6. Assumptions, Limitations, and Generalizations

Across contexts, swing surface calculation is built upon a variety of structural assumptions, including differentiability and non-intersecting curves for geometric revolution, bounded uncertainty intervals for thick set calculations, linearized phase-space models in galactic dynamics, extremality of bench surfaces in holography, and manageable system size in power system applications.

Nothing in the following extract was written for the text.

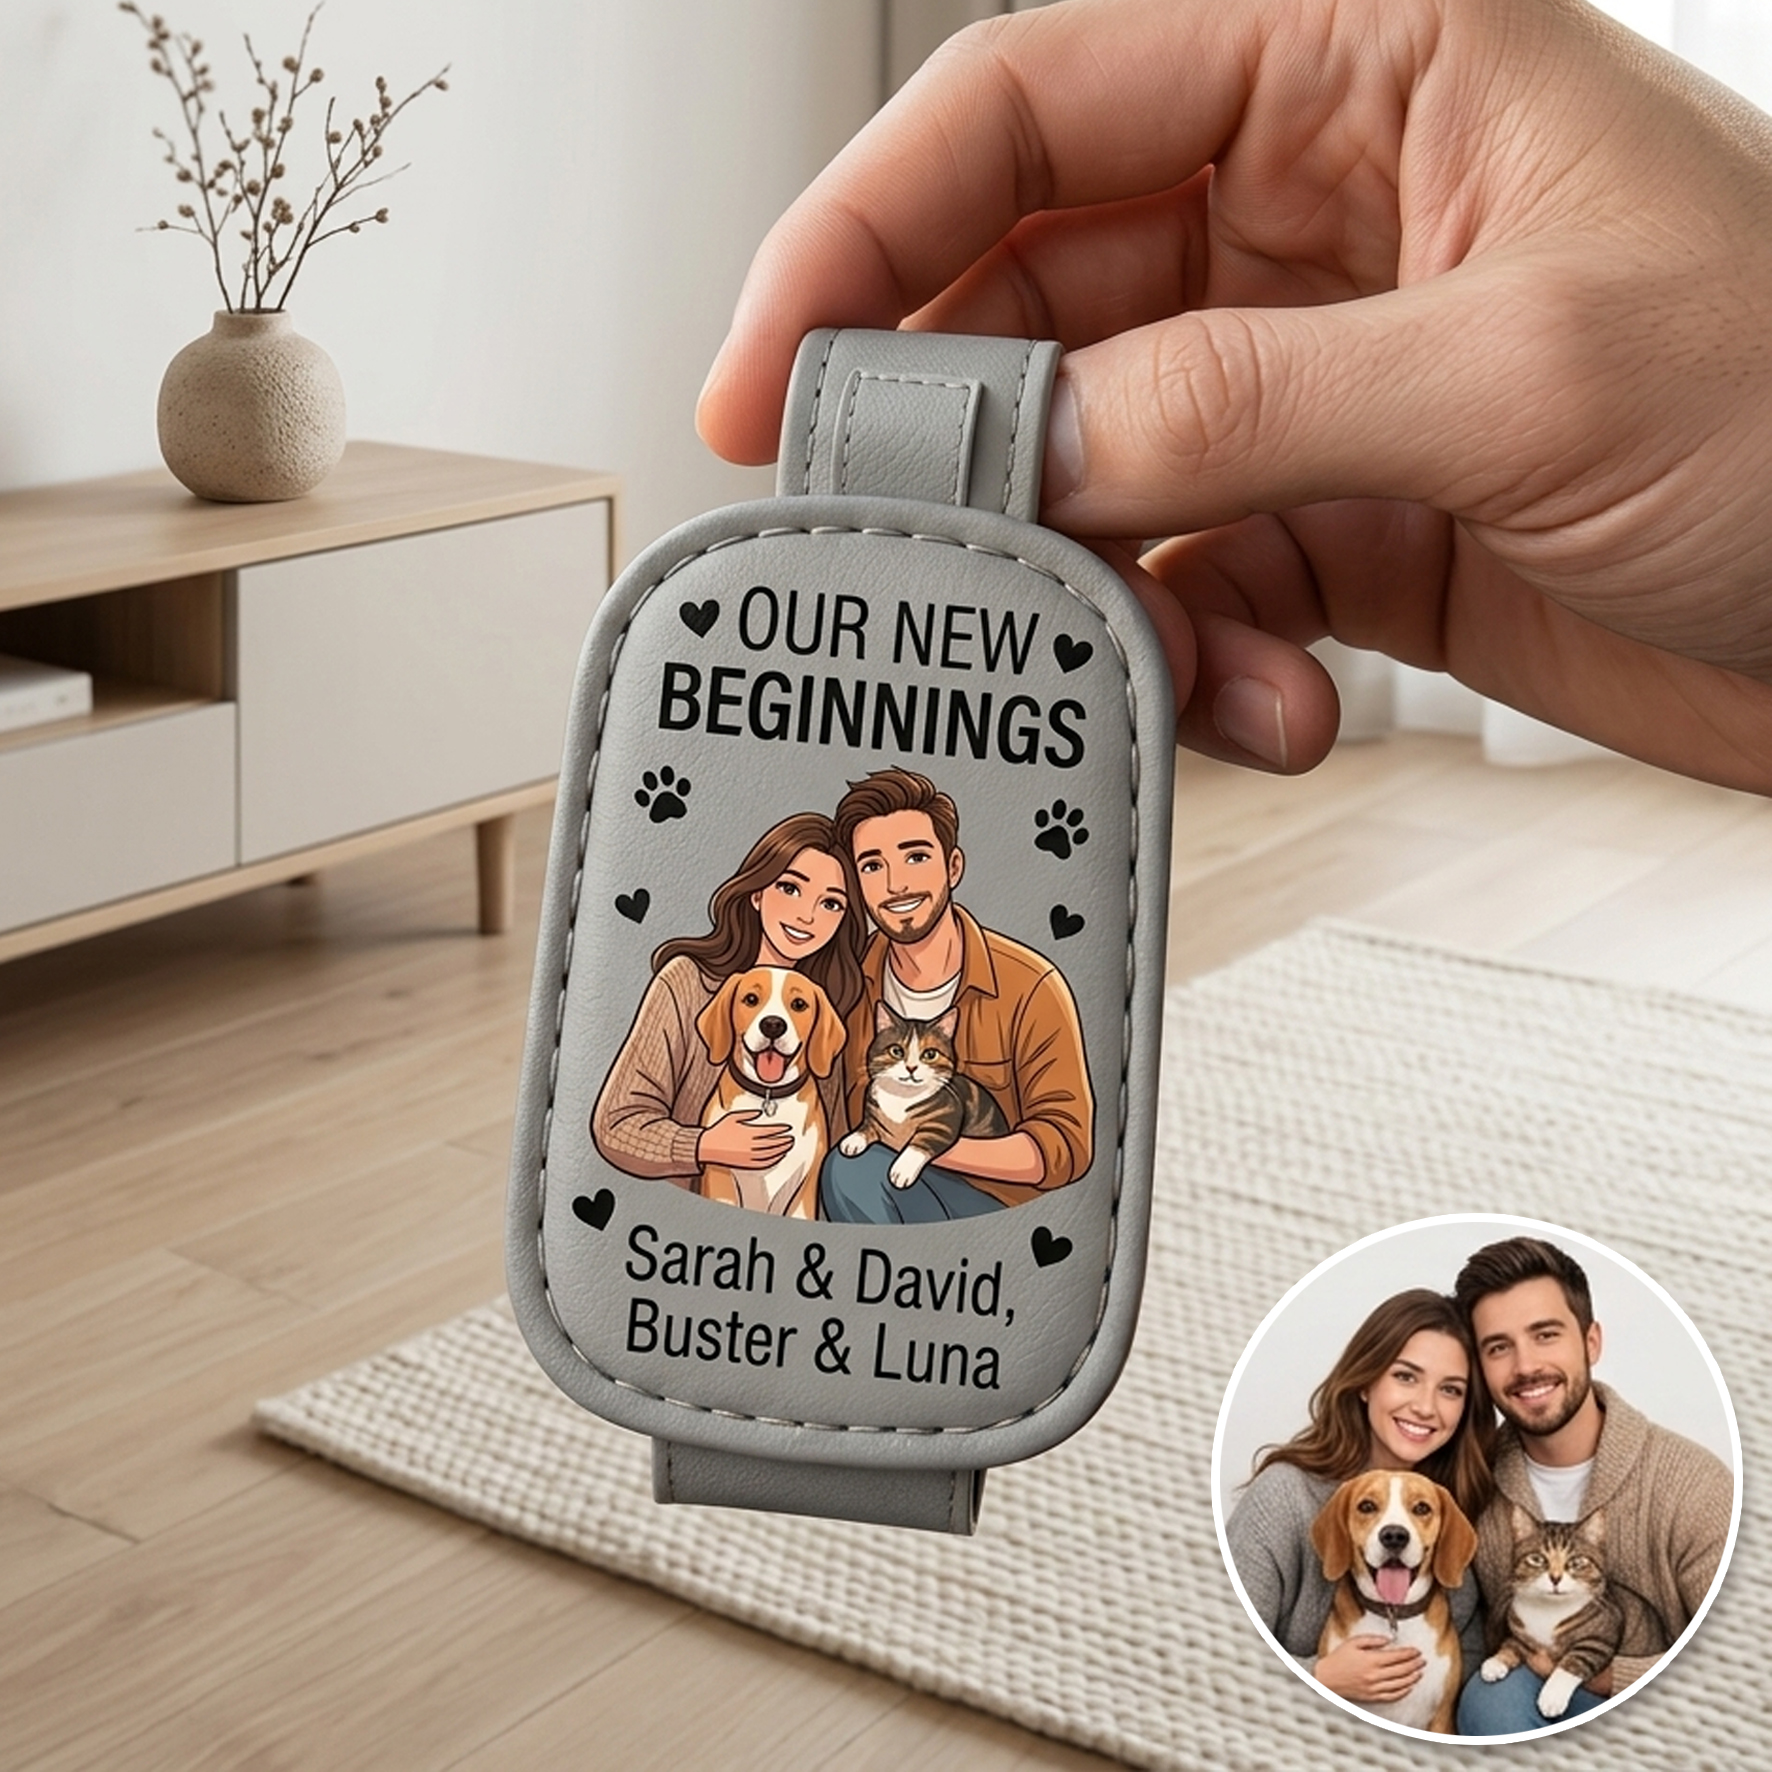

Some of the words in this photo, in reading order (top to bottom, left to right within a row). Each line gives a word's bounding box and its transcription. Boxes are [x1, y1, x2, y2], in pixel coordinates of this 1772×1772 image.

Limitations often arise from singularities (e.g., vanishing radius during revolution, phase drift in galactic dynamics, invalidation of bench extremality) and computational tractability (high-dimensional eigenmode calculations, multi-parameter thick set enclosure).

Special cases are typically well-understood—the classical axis of revolution, constant-parameter hybrid systems, idealized Toomre $Q$ -parameter disks, highly symmetric boundary entangling regions, and single-machine swing equations—while generalizations require adaptive integration of uncertainty, symmetry-breaking, and nonlinearities.

7. Significance and Interdisciplinary Impact

Swing surface calculation serves as a nexus of geometry, analysis, control theory, dynamical systems, and modern theoretical physics. It provides rigorous tools for quantifying physical and informational boundaries (area, entropy, stability threshold), designing and verifying controllers against harmful oscillatory or chattering behaviors, understanding transient phenomena in astrophysical and engineered systems, and extending quantum gravity techniques to non-standard holographic regimes. The adoption of thick set and interval-based methods, modular flow-based prescriptions, and eigenmode decompositions exemplifies the modern trend towards robust, uncertainty-inclusive, and structurally generalized analytical approaches.